Plus Plein Que Plein !

"Mesdames et Messieurs, veuillez accorder une nouvelle salve d’applaudissements pour Boule de Gomme, l’éléphant pompette. Essayez de ne pas vous sentir désolé pour elle. Nous ne pouvons pas l’aider tant qu’elle n’admet pas qu’elle a un problème."

Alors que la foule acclamait et applaudissait le pachyderme pochtron placardé de rose partant de la piste, le Monsieur Loyal Vilaine concentra son regard sur l’arrière des stands, là où elle avait remarqué un individu plutôt, et bien, inquiétant.

Grâce à ses nombreuses années d’expérience, elle pouvait sans effort dire si quelqu’un était ou non sous l’effet de leur barbe à papa noire, et elle s’assurait toujours de garder ces personnes à l’œil au cas où ils seraient sur le point de jouer un mauvais tour.
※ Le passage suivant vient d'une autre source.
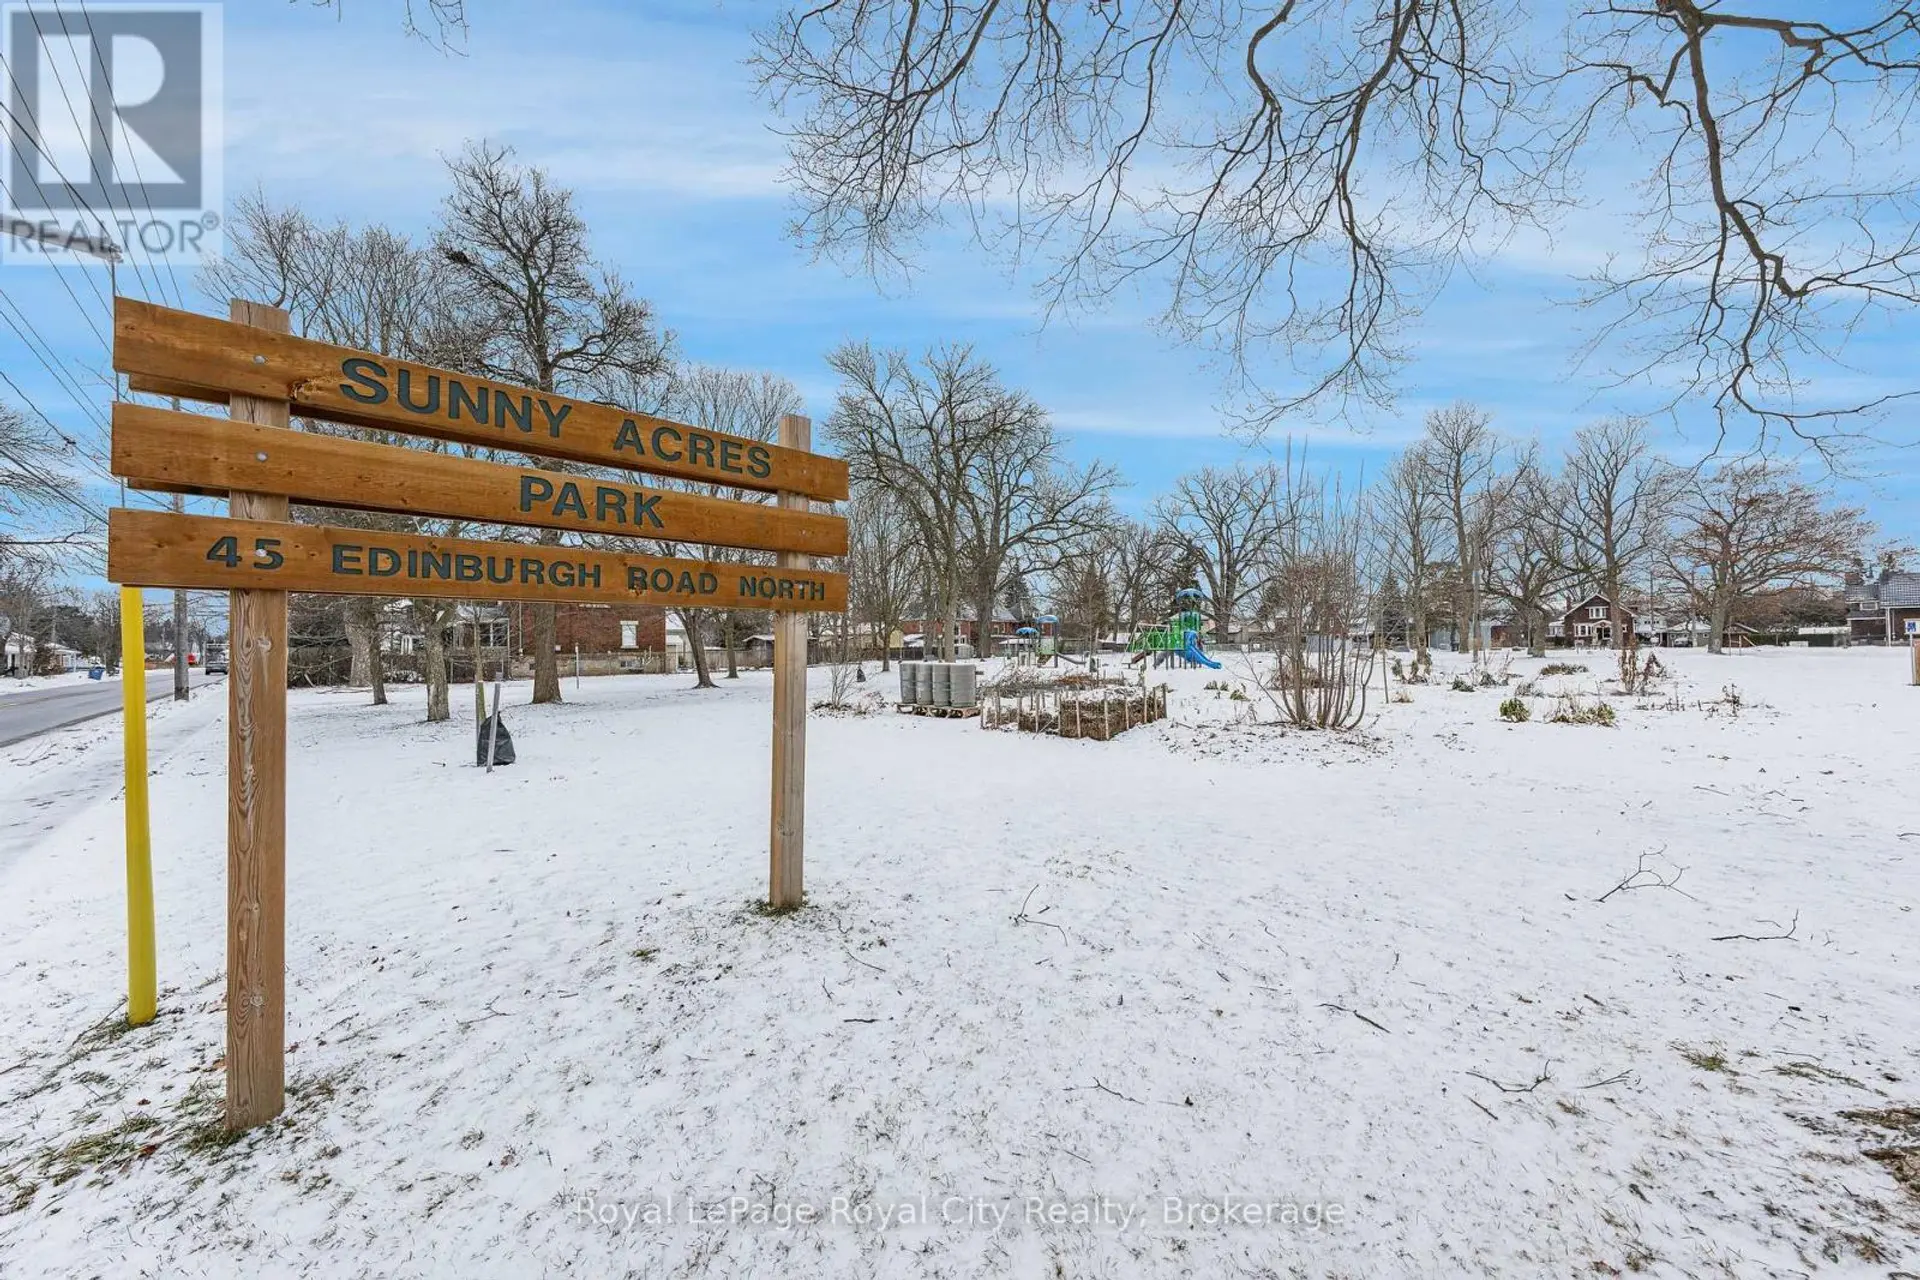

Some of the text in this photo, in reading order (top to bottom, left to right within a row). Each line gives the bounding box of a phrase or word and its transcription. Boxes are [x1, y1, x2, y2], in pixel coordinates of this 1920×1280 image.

[340, 358, 771, 478] SUNNY ACRES
[520, 475, 664, 529] PARK
[206, 536, 825, 601] 45 EDINBURGH ROAD NORTH
Son cirque était tout pour elle, et elle pouvait détecter une menace pour lui à plusieurs kilomètres de distance.

L’homme qu’elle observait actuellement avait suivi son numéro avec une grande attention, mais sans exprimer aucune joie ou dégout et horreur comme la plupart des gens le faisaient. Non, il regardait consciencieusement, comme si c’était son travail. Elle pouvait quasiment l’entendre écrire son rapport dans sa tête.

Il était temps de trouver à qui ce rapport était destiné.

Vilaine signala au technicien audio de passer le calliope sur 'Officier de l’année'. Tous les membres du Cirque présent s’en rendirent immédiatement compte, et comprirent qu’ils allaient sortir du script.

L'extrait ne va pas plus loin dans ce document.